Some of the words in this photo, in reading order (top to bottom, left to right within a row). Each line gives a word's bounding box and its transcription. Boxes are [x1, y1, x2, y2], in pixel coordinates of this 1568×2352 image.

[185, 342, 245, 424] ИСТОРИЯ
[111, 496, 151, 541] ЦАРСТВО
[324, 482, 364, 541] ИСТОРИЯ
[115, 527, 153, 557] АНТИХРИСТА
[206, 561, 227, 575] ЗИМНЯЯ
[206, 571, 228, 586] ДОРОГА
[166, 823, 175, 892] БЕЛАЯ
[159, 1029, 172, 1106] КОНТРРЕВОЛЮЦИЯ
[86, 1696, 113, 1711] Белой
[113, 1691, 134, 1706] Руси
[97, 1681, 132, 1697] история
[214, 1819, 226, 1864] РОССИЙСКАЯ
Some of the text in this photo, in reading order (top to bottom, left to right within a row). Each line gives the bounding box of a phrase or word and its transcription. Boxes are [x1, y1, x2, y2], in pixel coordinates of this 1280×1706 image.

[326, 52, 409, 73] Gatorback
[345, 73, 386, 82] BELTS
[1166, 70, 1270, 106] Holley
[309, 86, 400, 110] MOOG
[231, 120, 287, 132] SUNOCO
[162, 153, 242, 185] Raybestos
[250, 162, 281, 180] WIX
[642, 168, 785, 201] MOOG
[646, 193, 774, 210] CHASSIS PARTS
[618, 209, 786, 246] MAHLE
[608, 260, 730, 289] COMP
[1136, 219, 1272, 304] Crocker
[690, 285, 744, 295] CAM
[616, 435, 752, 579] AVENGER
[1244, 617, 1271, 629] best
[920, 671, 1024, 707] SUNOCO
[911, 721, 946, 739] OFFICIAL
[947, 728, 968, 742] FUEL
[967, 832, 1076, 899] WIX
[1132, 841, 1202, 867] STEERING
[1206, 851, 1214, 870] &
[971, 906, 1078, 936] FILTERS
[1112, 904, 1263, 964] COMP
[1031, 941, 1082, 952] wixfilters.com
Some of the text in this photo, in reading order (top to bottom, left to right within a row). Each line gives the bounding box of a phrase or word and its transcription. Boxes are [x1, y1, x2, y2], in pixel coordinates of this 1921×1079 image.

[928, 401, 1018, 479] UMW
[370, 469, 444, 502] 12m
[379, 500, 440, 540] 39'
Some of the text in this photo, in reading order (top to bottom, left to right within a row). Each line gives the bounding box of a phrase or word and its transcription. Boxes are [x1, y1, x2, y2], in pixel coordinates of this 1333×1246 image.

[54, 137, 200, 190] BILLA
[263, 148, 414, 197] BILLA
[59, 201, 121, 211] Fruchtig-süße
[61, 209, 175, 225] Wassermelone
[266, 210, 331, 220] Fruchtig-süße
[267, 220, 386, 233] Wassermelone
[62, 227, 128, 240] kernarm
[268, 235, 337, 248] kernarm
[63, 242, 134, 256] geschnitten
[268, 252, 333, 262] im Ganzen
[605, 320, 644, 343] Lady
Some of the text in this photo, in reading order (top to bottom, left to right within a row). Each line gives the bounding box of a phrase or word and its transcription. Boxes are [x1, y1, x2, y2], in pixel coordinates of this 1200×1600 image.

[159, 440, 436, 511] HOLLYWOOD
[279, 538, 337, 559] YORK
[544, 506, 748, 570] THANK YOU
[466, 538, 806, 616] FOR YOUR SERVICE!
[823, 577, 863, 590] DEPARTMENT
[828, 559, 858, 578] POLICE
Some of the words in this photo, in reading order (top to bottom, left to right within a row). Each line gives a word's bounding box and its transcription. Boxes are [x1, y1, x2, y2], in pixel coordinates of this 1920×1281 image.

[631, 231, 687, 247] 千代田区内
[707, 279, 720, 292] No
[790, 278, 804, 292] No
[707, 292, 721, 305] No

### [What the task requires]
Starting with the line that has "this 1920×1281 image.", print each remaining line of the listing exactly.

### [Problem solution]
Some of the words in this photo, in reading order (top to bottom, left to right within a row). Each line gives a word's bounding box and its transcription. Boxes are [x1, y1, x2, y2], in pixel coordinates of this 1920×1281 image.

[631, 231, 687, 247] 千代田区内
[707, 279, 720, 292] No
[790, 278, 804, 292] No
[707, 292, 721, 305] No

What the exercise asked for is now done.